> _DATA FOR ANALYSIS_:
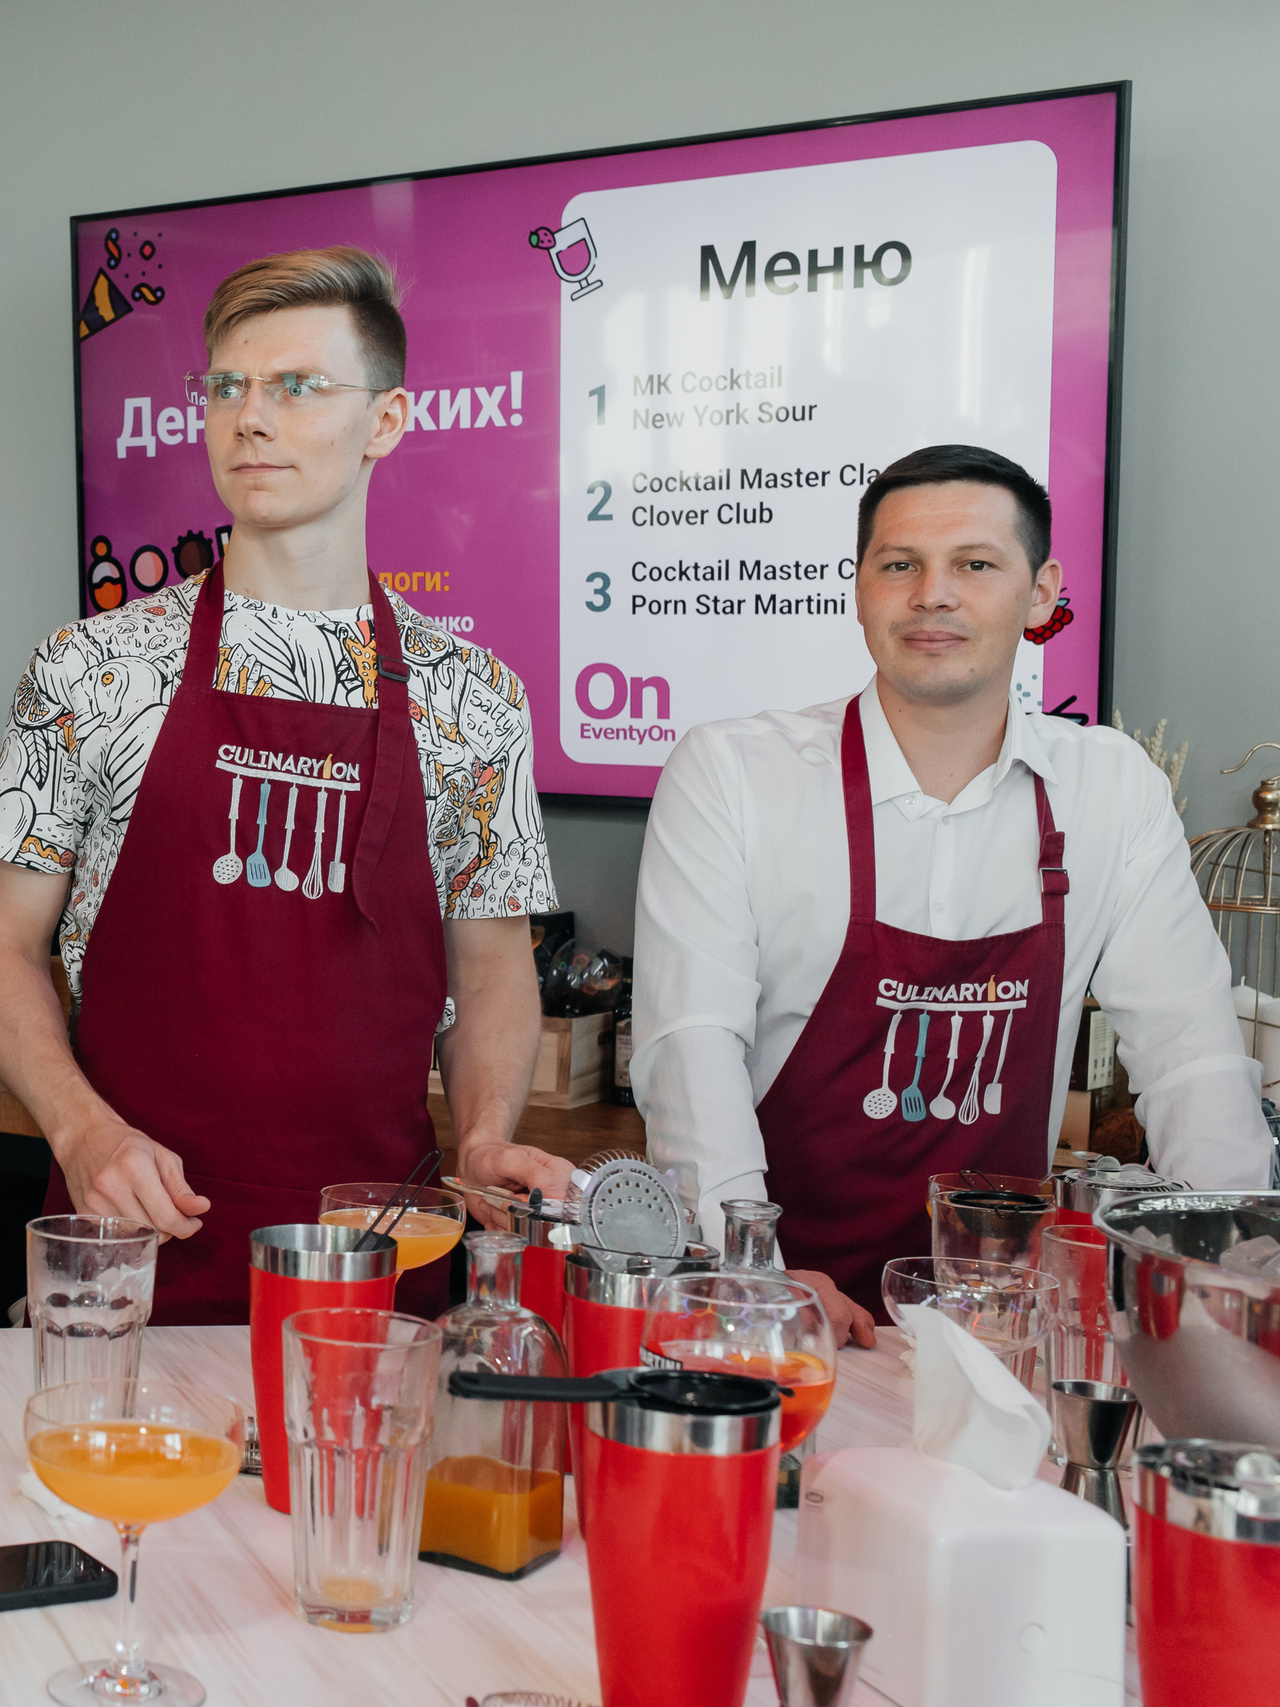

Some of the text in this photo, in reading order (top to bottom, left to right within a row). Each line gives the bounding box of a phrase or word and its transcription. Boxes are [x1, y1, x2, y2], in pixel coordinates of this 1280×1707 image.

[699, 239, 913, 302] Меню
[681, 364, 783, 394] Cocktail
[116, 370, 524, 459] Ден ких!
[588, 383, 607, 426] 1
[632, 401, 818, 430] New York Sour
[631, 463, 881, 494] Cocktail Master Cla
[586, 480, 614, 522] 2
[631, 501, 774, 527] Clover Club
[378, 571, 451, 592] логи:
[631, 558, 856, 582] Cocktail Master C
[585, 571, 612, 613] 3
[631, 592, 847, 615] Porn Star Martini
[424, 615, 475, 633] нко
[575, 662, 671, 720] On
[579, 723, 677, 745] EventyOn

> _ABOUT THIS TASK_:
Please repeat each line above exactly as it appears, but omit the pictures.

> _TASK OUTPUT_:
Some of the text in this photo, in reading order (top to bottom, left to right within a row). Each line gives the bounding box of a phrase or word and its transcription. Boxes are [x1, y1, x2, y2], in pixel coordinates of this 1280×1707 image.

[699, 239, 913, 302] Меню
[681, 364, 783, 394] Cocktail
[116, 370, 524, 459] Ден ких!
[588, 383, 607, 426] 1
[632, 401, 818, 430] New York Sour
[631, 463, 881, 494] Cocktail Master Cla
[586, 480, 614, 522] 2
[631, 501, 774, 527] Clover Club
[378, 571, 451, 592] логи:
[631, 558, 856, 582] Cocktail Master C
[585, 571, 612, 613] 3
[631, 592, 847, 615] Porn Star Martini
[424, 615, 475, 633] нко
[575, 662, 671, 720] On
[579, 723, 677, 745] EventyOn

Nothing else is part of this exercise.